> To do
In this exercise, every entry below is to be reproduced word for word.

────────────────────

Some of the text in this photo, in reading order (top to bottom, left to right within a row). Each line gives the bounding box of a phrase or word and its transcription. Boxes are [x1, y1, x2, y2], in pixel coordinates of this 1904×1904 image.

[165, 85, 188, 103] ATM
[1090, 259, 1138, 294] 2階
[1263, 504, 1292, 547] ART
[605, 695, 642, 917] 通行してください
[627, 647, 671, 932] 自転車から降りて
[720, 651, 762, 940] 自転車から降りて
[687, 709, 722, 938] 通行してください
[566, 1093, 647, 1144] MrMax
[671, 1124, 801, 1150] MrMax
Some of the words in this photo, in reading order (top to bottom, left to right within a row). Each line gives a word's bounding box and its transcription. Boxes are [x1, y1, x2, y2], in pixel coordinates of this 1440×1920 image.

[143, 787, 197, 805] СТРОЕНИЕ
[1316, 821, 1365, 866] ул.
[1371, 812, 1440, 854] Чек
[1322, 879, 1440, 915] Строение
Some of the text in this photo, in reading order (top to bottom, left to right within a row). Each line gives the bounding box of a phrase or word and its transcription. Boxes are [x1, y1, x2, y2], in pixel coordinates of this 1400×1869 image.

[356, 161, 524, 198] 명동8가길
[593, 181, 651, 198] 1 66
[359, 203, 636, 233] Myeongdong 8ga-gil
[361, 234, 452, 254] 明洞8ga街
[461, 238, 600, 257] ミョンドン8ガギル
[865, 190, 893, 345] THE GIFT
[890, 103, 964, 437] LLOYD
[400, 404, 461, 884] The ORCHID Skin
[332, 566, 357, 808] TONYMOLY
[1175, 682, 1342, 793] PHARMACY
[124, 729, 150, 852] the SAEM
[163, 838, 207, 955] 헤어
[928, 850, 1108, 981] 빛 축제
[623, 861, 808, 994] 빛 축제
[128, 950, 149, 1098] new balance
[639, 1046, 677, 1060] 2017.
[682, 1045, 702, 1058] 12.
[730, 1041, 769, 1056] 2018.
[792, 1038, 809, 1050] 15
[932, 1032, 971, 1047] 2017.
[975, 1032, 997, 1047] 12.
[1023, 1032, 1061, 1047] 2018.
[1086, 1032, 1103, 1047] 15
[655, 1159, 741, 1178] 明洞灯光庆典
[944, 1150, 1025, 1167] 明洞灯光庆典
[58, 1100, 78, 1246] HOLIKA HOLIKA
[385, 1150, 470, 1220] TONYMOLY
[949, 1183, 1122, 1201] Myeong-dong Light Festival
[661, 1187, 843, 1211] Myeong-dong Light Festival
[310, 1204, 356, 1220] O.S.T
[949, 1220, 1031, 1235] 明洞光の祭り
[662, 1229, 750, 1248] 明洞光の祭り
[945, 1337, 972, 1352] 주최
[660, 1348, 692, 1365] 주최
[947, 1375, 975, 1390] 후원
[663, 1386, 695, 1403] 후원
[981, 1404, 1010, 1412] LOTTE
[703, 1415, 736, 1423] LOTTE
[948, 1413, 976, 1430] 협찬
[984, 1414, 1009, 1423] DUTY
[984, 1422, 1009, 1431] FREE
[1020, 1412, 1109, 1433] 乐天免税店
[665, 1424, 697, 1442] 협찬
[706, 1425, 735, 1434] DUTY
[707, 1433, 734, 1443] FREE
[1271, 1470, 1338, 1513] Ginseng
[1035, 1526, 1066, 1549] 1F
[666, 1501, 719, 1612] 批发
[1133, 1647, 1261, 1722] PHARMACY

────────────────────

> Worked solution
Some of the text in this photo, in reading order (top to bottom, left to right within a row). Each line gives the bounding box of a phrase or word and its transcription. Boxes are [x1, y1, x2, y2], in pixel coordinates of this 1904×1904 image.

[165, 85, 188, 103] ATM
[1090, 259, 1138, 294] 2階
[1263, 504, 1292, 547] ART
[605, 695, 642, 917] 通行してください
[627, 647, 671, 932] 自転車から降りて
[720, 651, 762, 940] 自転車から降りて
[687, 709, 722, 938] 通行してください
[566, 1093, 647, 1144] MrMax
[671, 1124, 801, 1150] MrMax
Some of the words in this photo, in reading order (top to bottom, left to right within a row). Each line gives a word's bounding box and its transcription. Boxes are [x1, y1, x2, y2], in pixel coordinates of this 1440×1920 image.

[143, 787, 197, 805] СТРОЕНИЕ
[1316, 821, 1365, 866] ул.
[1371, 812, 1440, 854] Чек
[1322, 879, 1440, 915] Строение
Some of the text in this photo, in reading order (top to bottom, left to right within a row). Each line gives the bounding box of a phrase or word and its transcription. Boxes are [x1, y1, x2, y2], in pixel coordinates of this 1400×1869 image.

[356, 161, 524, 198] 명동8가길
[593, 181, 651, 198] 1 66
[359, 203, 636, 233] Myeongdong 8ga-gil
[361, 234, 452, 254] 明洞8ga街
[461, 238, 600, 257] ミョンドン8ガギル
[865, 190, 893, 345] THE GIFT
[890, 103, 964, 437] LLOYD
[400, 404, 461, 884] The ORCHID Skin
[332, 566, 357, 808] TONYMOLY
[1175, 682, 1342, 793] PHARMACY
[124, 729, 150, 852] the SAEM
[163, 838, 207, 955] 헤어
[928, 850, 1108, 981] 빛 축제
[623, 861, 808, 994] 빛 축제
[128, 950, 149, 1098] new balance
[639, 1046, 677, 1060] 2017.
[682, 1045, 702, 1058] 12.
[730, 1041, 769, 1056] 2018.
[792, 1038, 809, 1050] 15
[932, 1032, 971, 1047] 2017.
[975, 1032, 997, 1047] 12.
[1023, 1032, 1061, 1047] 2018.
[1086, 1032, 1103, 1047] 15
[655, 1159, 741, 1178] 明洞灯光庆典
[944, 1150, 1025, 1167] 明洞灯光庆典
[58, 1100, 78, 1246] HOLIKA HOLIKA
[385, 1150, 470, 1220] TONYMOLY
[949, 1183, 1122, 1201] Myeong-dong Light Festival
[661, 1187, 843, 1211] Myeong-dong Light Festival
[310, 1204, 356, 1220] O.S.T
[949, 1220, 1031, 1235] 明洞光の祭り
[662, 1229, 750, 1248] 明洞光の祭り
[945, 1337, 972, 1352] 주최
[660, 1348, 692, 1365] 주최
[947, 1375, 975, 1390] 후원
[663, 1386, 695, 1403] 후원
[981, 1404, 1010, 1412] LOTTE
[703, 1415, 736, 1423] LOTTE
[948, 1413, 976, 1430] 협찬
[984, 1414, 1009, 1423] DUTY
[984, 1422, 1009, 1431] FREE
[1020, 1412, 1109, 1433] 乐天免税店
[665, 1424, 697, 1442] 협찬
[706, 1425, 735, 1434] DUTY
[707, 1433, 734, 1443] FREE
[1271, 1470, 1338, 1513] Ginseng
[1035, 1526, 1066, 1549] 1F
[666, 1501, 719, 1612] 批发
[1133, 1647, 1261, 1722] PHARMACY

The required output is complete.